▶ [Description of the task]:
What is needed is an exact copy of the records, with the images left out.

----

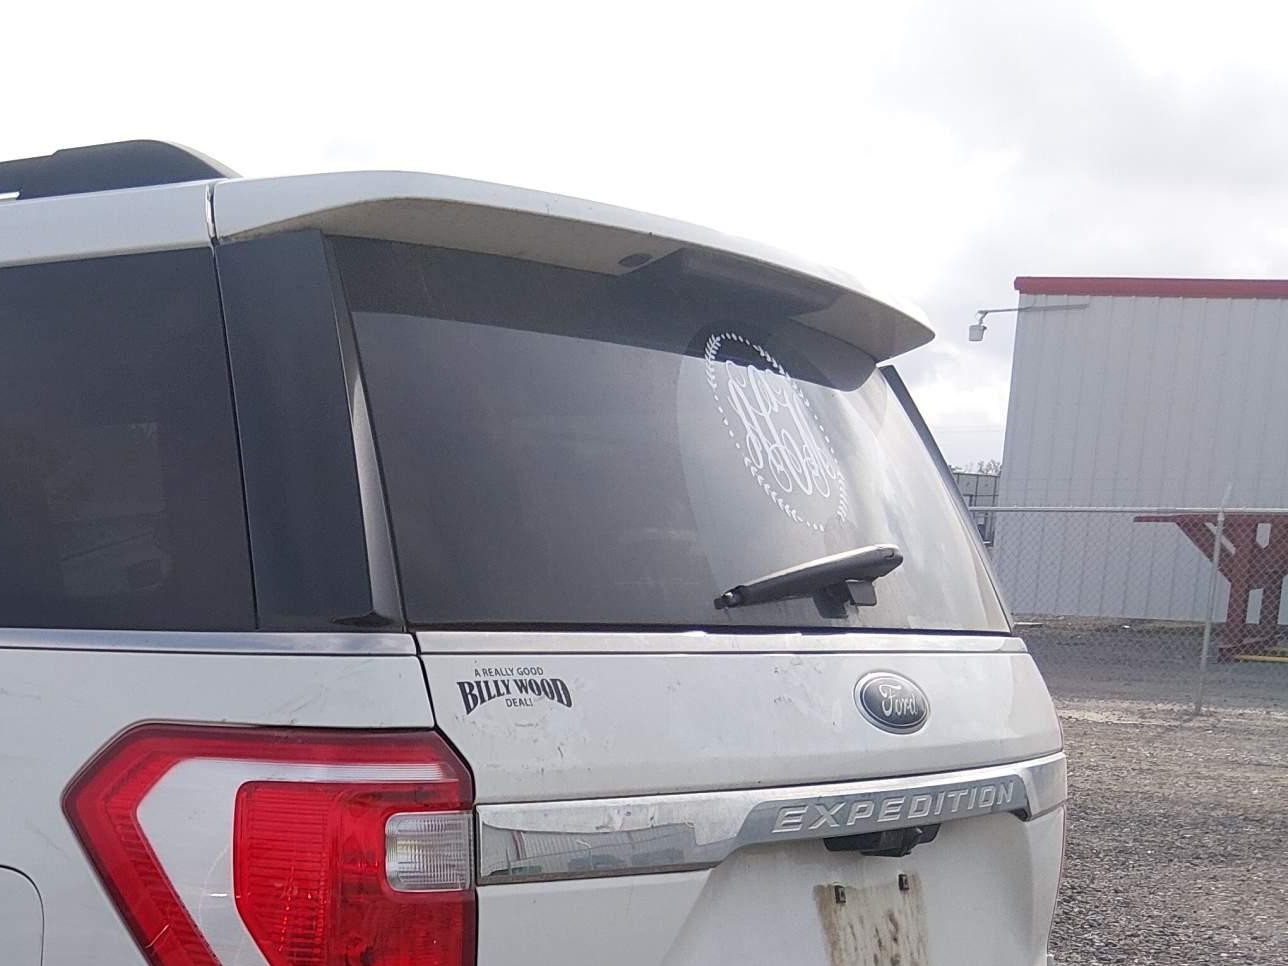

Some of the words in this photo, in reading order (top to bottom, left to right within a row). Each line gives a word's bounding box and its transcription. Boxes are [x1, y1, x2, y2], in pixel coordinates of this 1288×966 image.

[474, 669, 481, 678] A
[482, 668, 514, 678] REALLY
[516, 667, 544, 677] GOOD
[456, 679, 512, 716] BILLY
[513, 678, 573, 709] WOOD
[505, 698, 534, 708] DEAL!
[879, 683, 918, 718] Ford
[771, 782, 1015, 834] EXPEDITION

----

▶ [Answer to the exercise]:
Some of the words in this photo, in reading order (top to bottom, left to right within a row). Each line gives a word's bounding box and its transcription. Boxes are [x1, y1, x2, y2], in pixel coordinates of this 1288×966 image.

[474, 669, 481, 678] A
[482, 668, 514, 678] REALLY
[516, 667, 544, 677] GOOD
[456, 679, 512, 716] BILLY
[513, 678, 573, 709] WOOD
[505, 698, 534, 708] DEAL!
[879, 683, 918, 718] Ford
[771, 782, 1015, 834] EXPEDITION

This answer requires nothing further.